As the British cleared the troublesome redoubt, they had a real chance to breach the American line. The Redcoats rushed into the breastworks, led by Rennie, who screamed, “The day is ours!” He was brave, but wrong. At this point, a volley of shots from the American line staggered the British troops. Immediately behind the redoubt, eyeball to eyeball with the British, was a small company of some 30 Louisiana riflemen. The British tried to shield themselves with some of the 7th infantrymen they had captured in and around the redoubt, but this tactic failed. The Louisiana riflemen poured steady fire into the British. Supporting the riflemen were American batteries firing grapeshot, as well as the muskets of the rest of the 7th Infantry. The concentrated firepower ripped into the British troops, who were caught in the open. Some were hit several times and fell backward; others were beheaded by artillery fire; still others caught musket balls in bellies or limbs. A shot ripped through Rennie’s calf, but he kept going. Then he took a mortal shot just above the eyebrow, probably the work of a Louisiana rifleman.
At that moment, the 7th Infantry, with bayonets fixed, mounted a major counterattack, chasing British survivors back down the levee road.

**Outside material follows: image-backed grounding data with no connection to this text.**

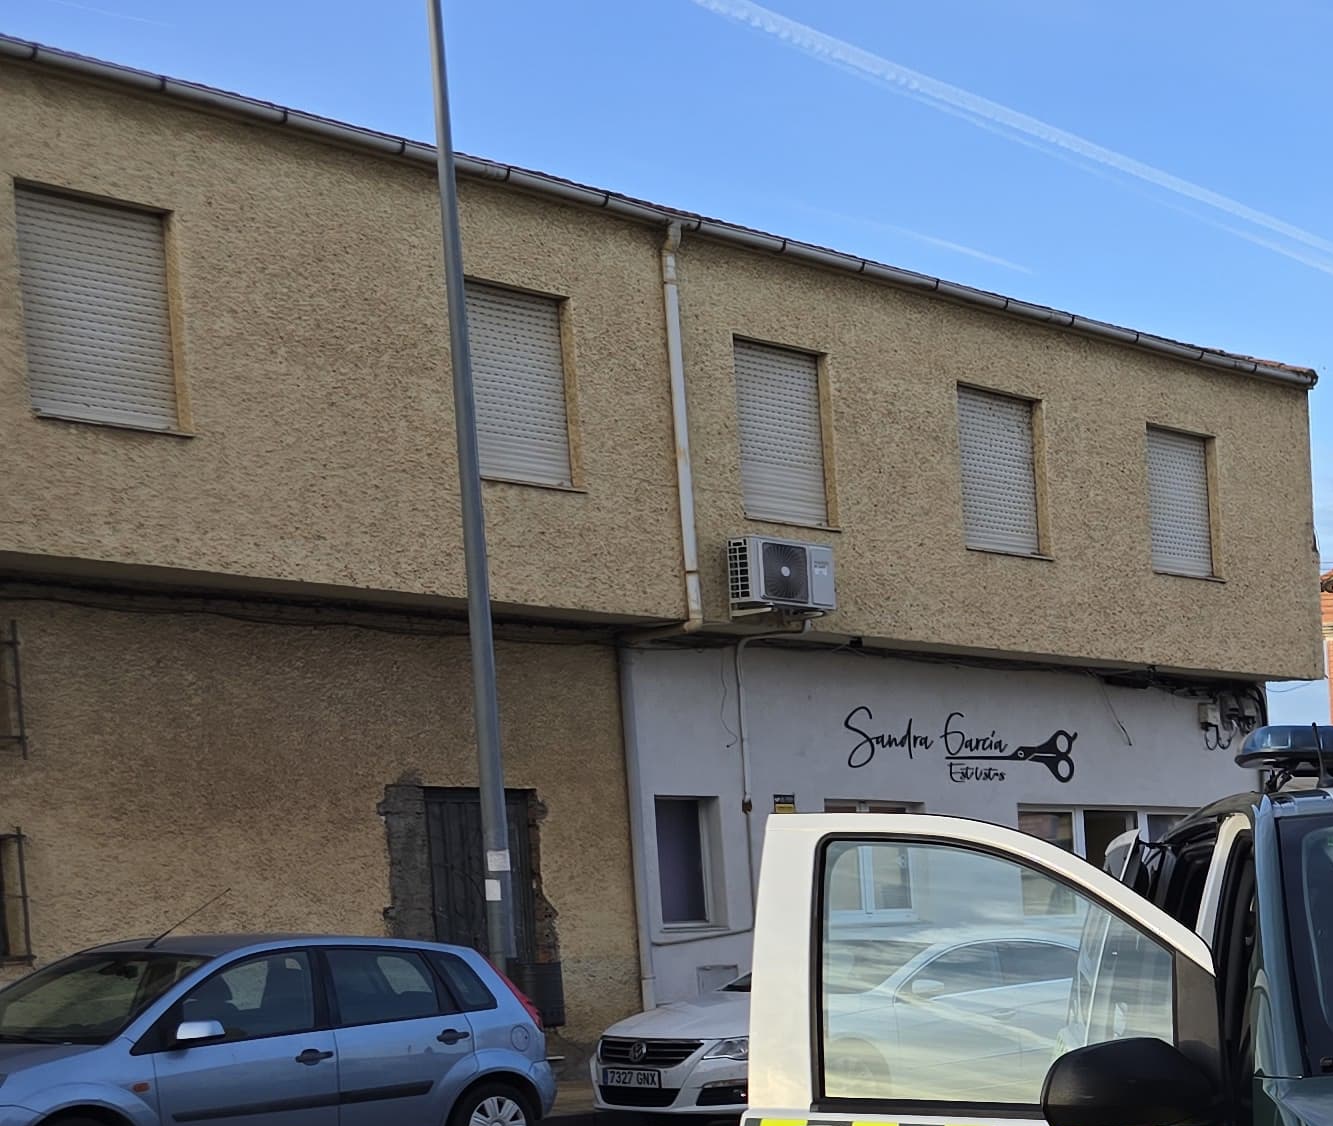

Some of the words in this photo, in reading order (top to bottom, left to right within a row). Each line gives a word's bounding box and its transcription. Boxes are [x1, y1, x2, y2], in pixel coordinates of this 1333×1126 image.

[843, 706, 934, 769] Sandra
[939, 711, 1009, 757] García
[609, 1070, 633, 1085] 7327
[636, 1071, 657, 1086] GNX
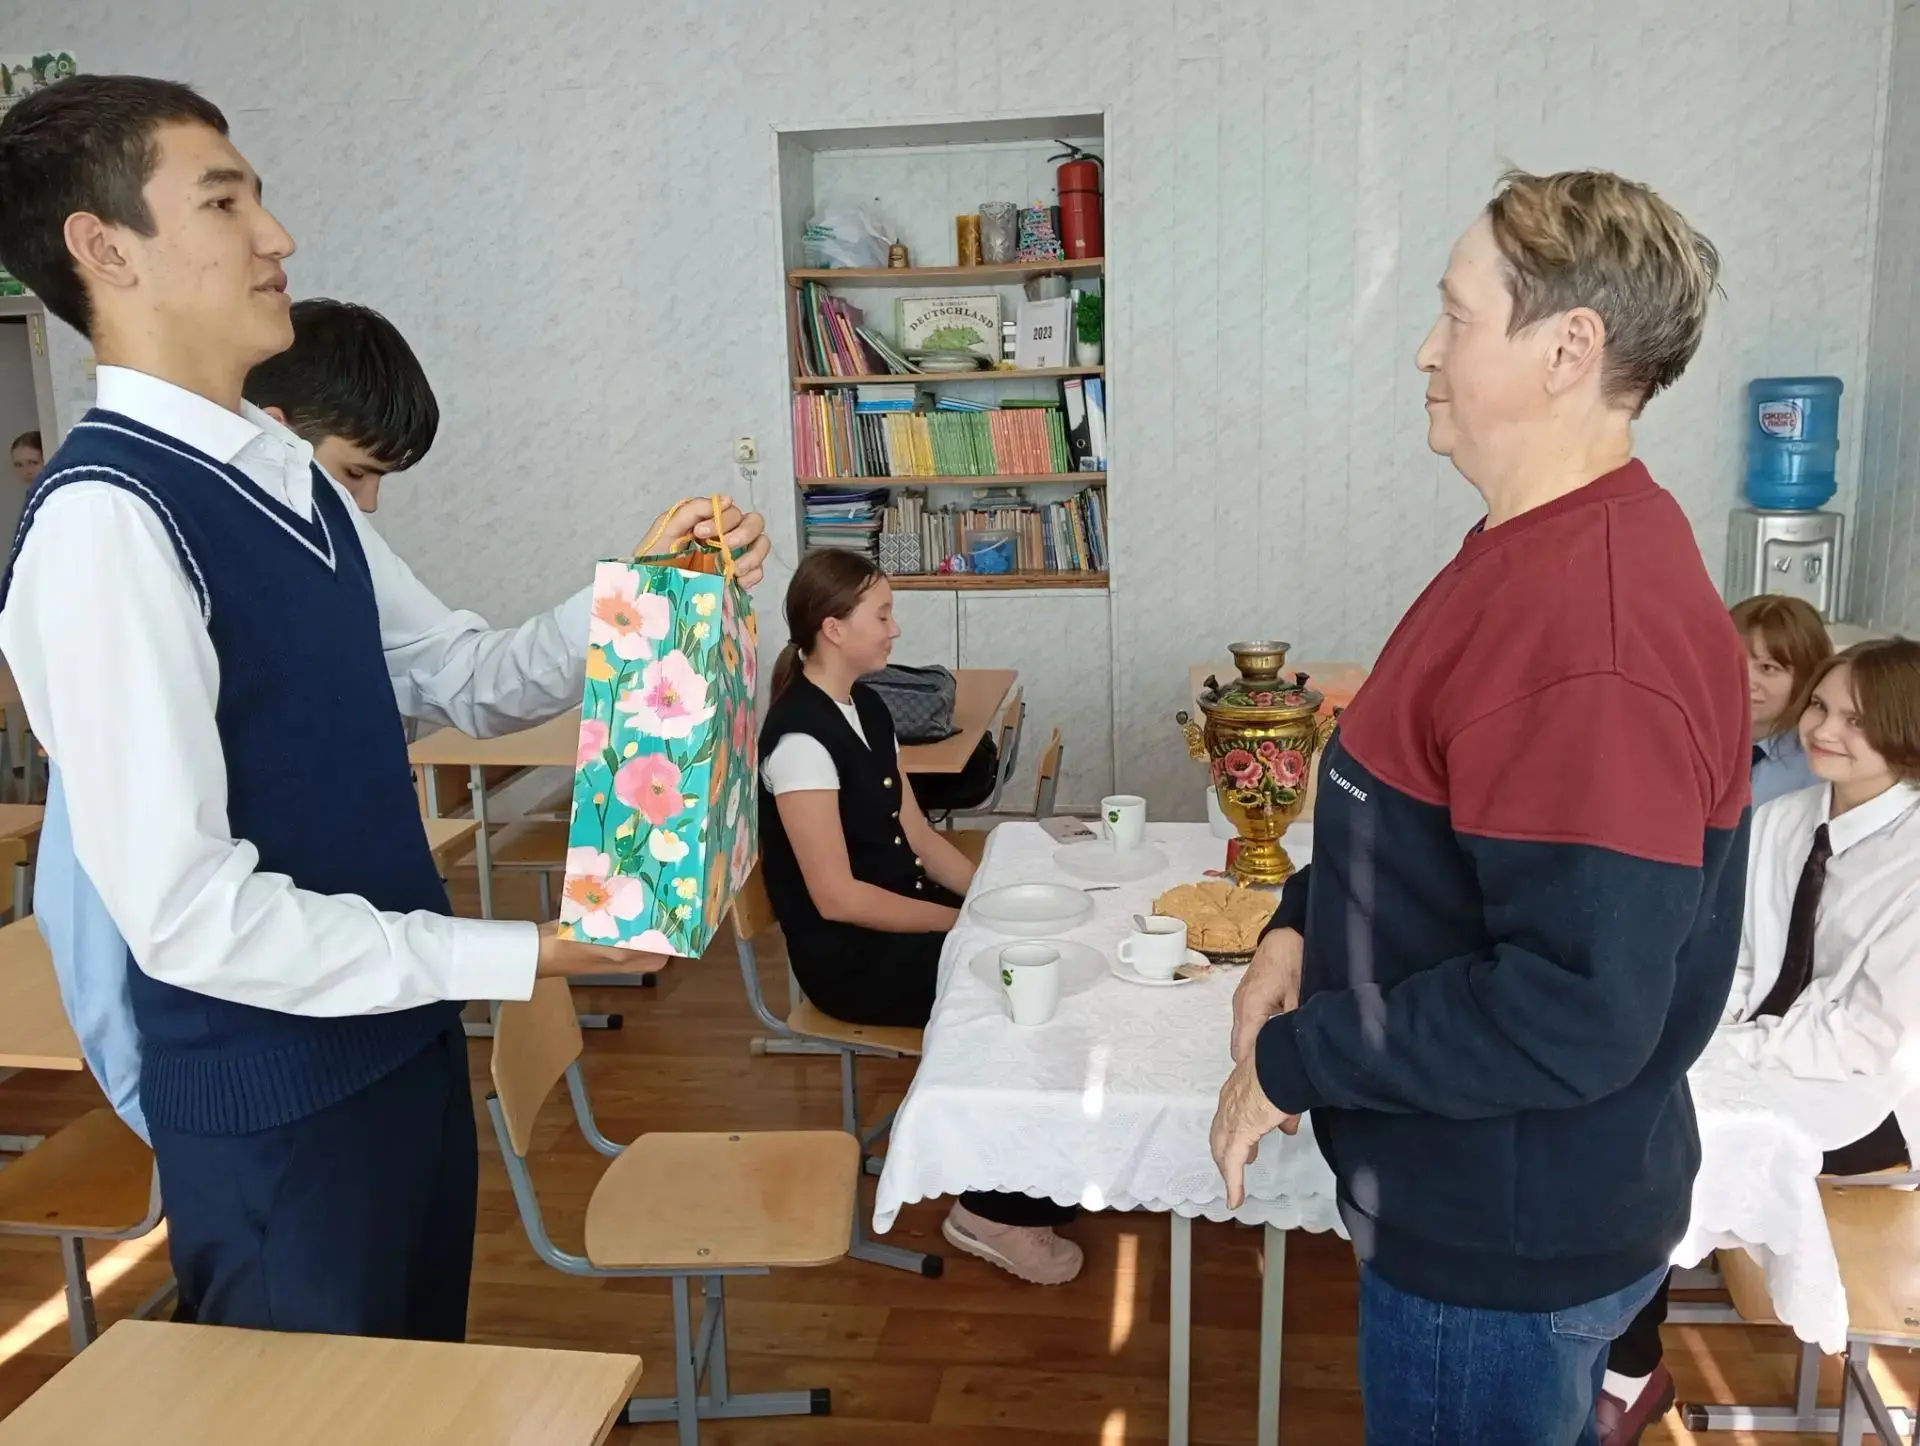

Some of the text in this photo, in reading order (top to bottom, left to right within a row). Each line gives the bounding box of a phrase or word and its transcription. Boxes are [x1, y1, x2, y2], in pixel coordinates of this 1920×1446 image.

[909, 307, 994, 331] DEUTSCHLAND
[1033, 325, 1053, 340] 2023
[1336, 776, 1351, 790] AND

Some remained behind the parapets and sniped at the retreating enemy. Artillery continued to hurl grapeshot at the fleeing troops, knocking several off their feet.

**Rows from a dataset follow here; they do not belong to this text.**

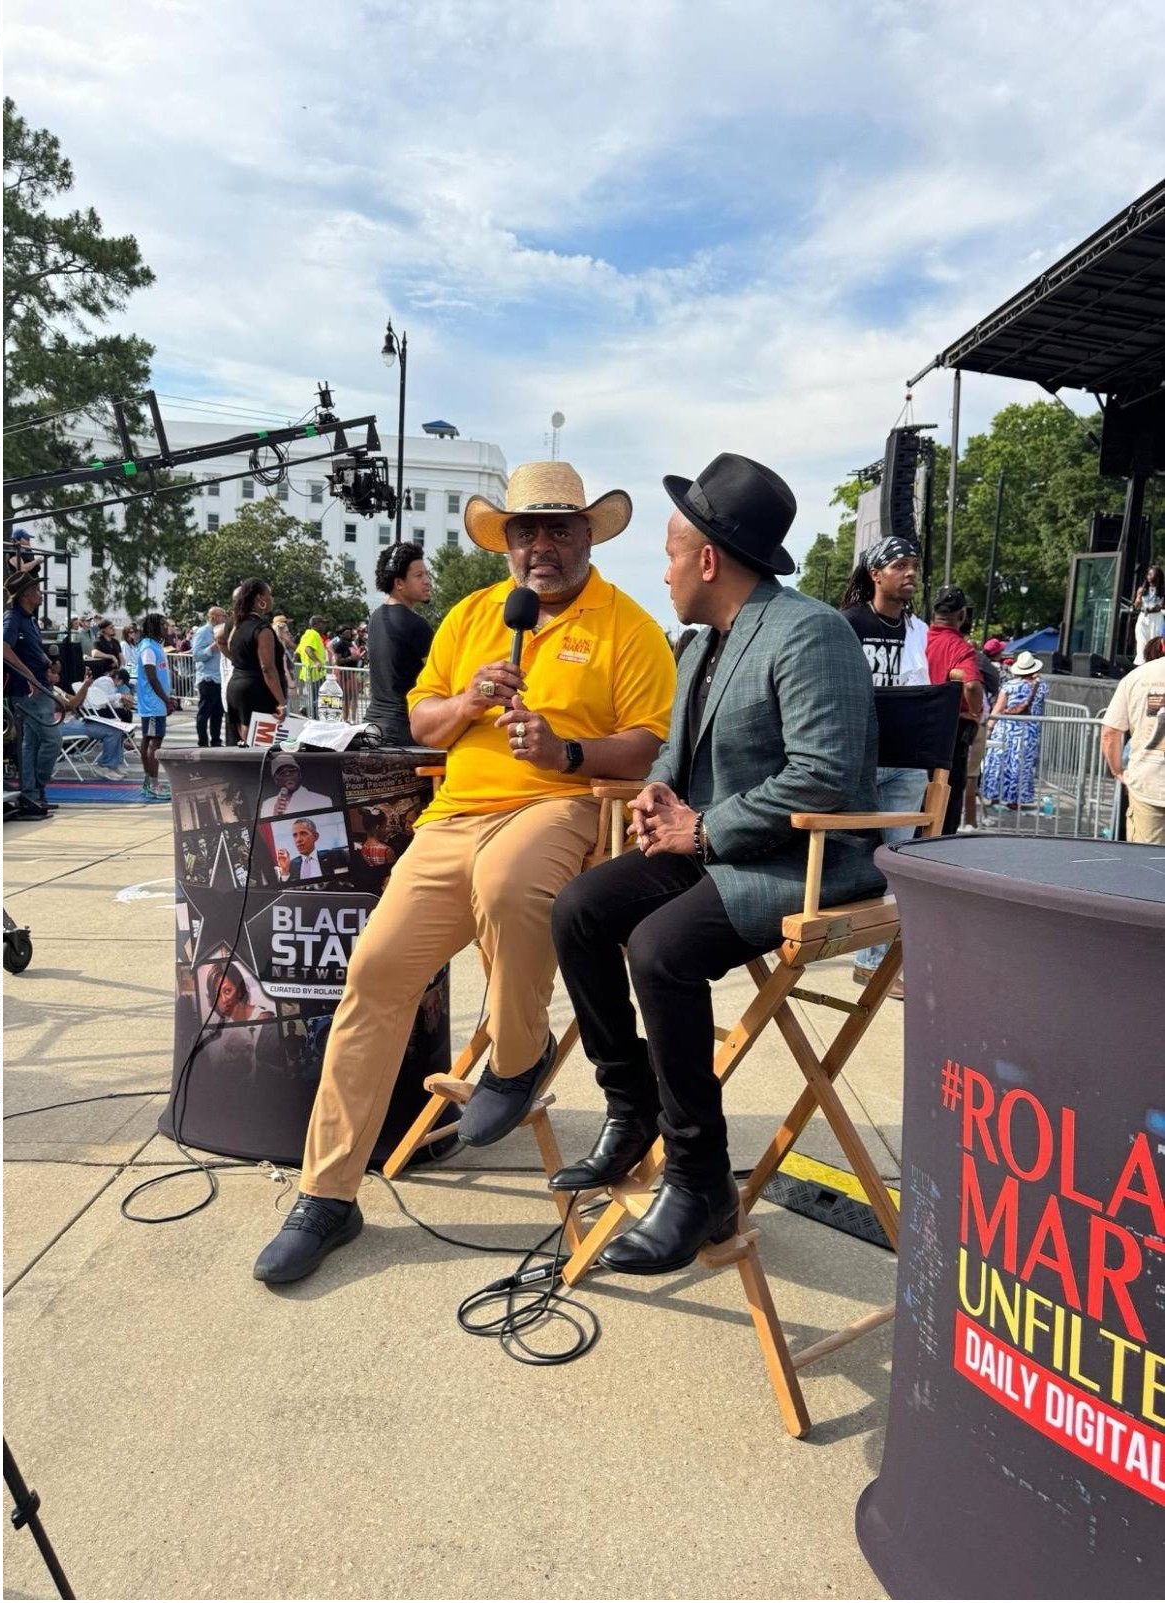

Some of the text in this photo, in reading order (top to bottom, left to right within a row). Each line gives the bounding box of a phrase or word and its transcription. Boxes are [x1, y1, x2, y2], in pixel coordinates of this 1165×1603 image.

[270, 985, 301, 994] CURATED
[314, 988, 343, 996] ROLAND
[271, 966, 346, 980] NETWO
[941, 1058, 1165, 1236] #ROLA
[960, 1151, 1165, 1343] MAR
[964, 1326, 1165, 1490] DAILY DIGITAL

On the opposite side of Line Jackson, the British attack failed in an even bigger bloodbath. Pakenham was killed, as were several of his key officers. An ancillary British attack on the west bank of the river was more successful, but ultimately it counted for naught. The great battle was essentially over by midmorning, an almost absurdly short amount of time, given the months of buildup, tension and preparation, and the consequences of the outcome.
The Battle of New Orleans was a slaughter. British casualties that day numbered more than 2,000, while the Americans lost just 70 men, 13 of who were killed. Burial details from both sides worked together for days to dispose of the dead. The wounded were carried to nearby homes that had been turned into makeshift hospitals. The level of ghastliness and suffering was reportedly beyond imagination. One British captain recalled hearing the piteous cries of his wounded soldiers and seeing “a basket nearly full of legs severed from these fine fellows.” The British army retreated from the field, boarded ships and left. Ironically, this climactic battle was fought after American and British negotiators had concluded a peace treaty in Ghent, Belgium, on Christmas Eve 1814.

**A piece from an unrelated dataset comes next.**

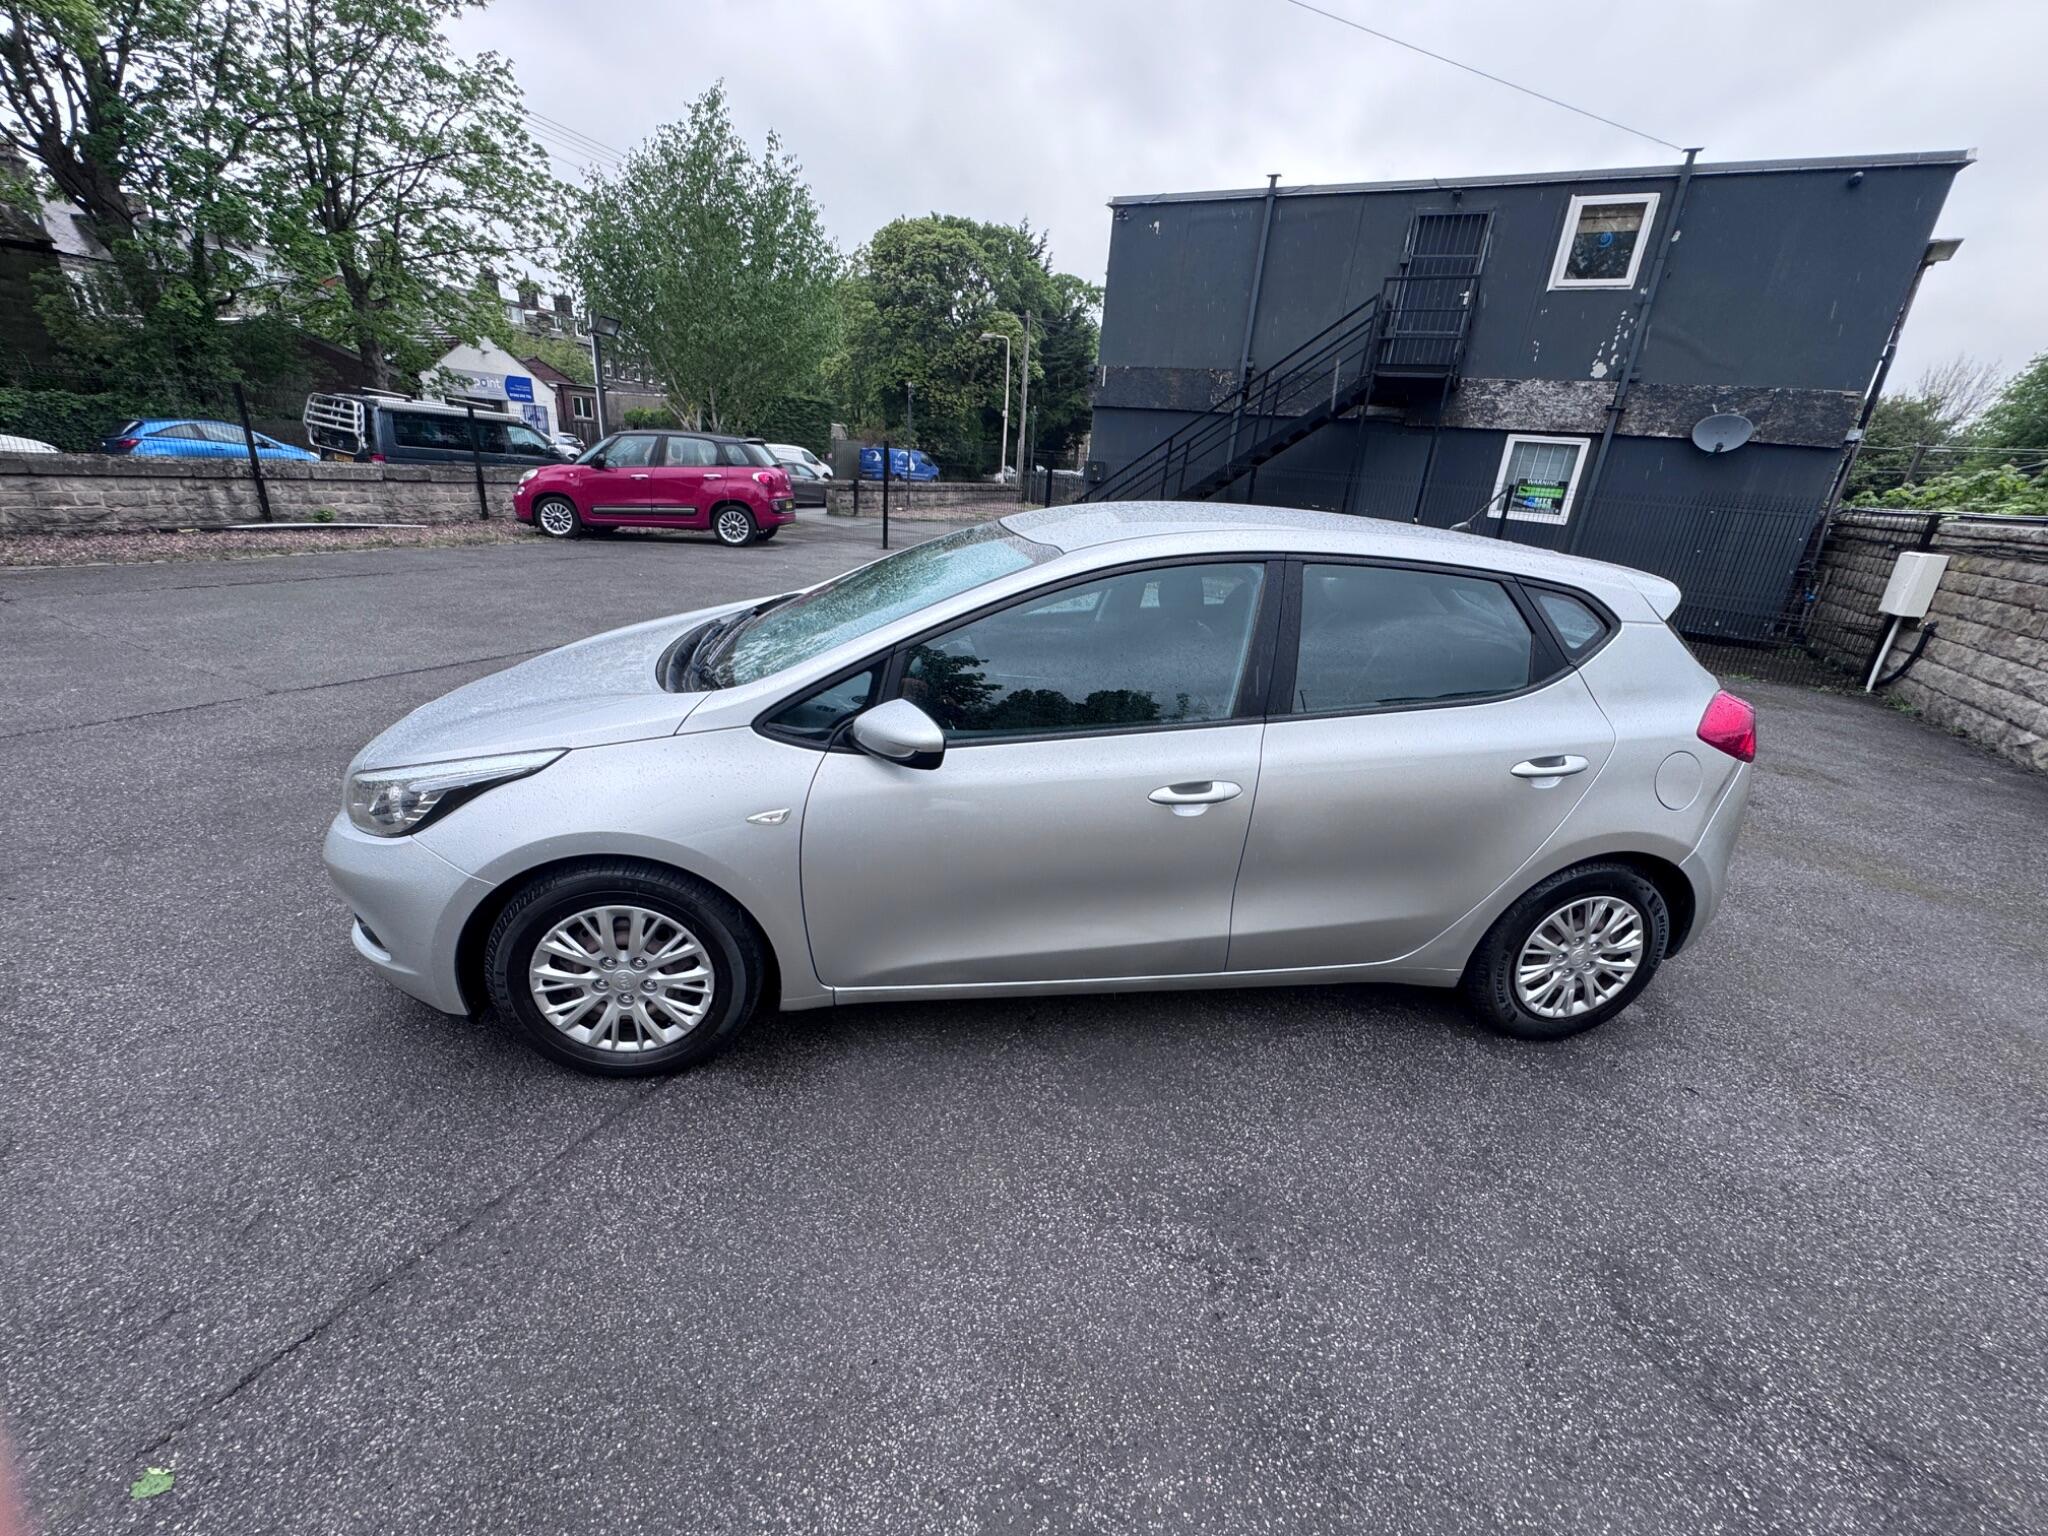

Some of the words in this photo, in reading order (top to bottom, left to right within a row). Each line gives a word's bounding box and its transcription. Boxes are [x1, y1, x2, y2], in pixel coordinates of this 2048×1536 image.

[1527, 479, 1559, 487] WARNING
[1652, 914, 1666, 967] MICHELIN
[1496, 951, 1510, 1003] MICHELIN

But on that fateful day in early January 1815, no one in New Orleans knew anything about a treaty. The Americans knew only that their country had been invaded, and they must fight. They proved they could defeat some of the world’s best troops fighting on behalf of the world’s strongest nation. They also proved the lethal efficacy of applied and concentrated firepower, a blend of technology, policy and tactics that would eventually prove the cornerstone of the American way of war.
For further reading, John McManus recommends: The Battle of New Orleans: Andrew Jackson and America’s First Military Victory, by Robert V. Remini, and Struggle for the Gulf Borderlands: The Creek War and the Battle of New Orleans, 1812–1815, by Frank Owsley, Jr.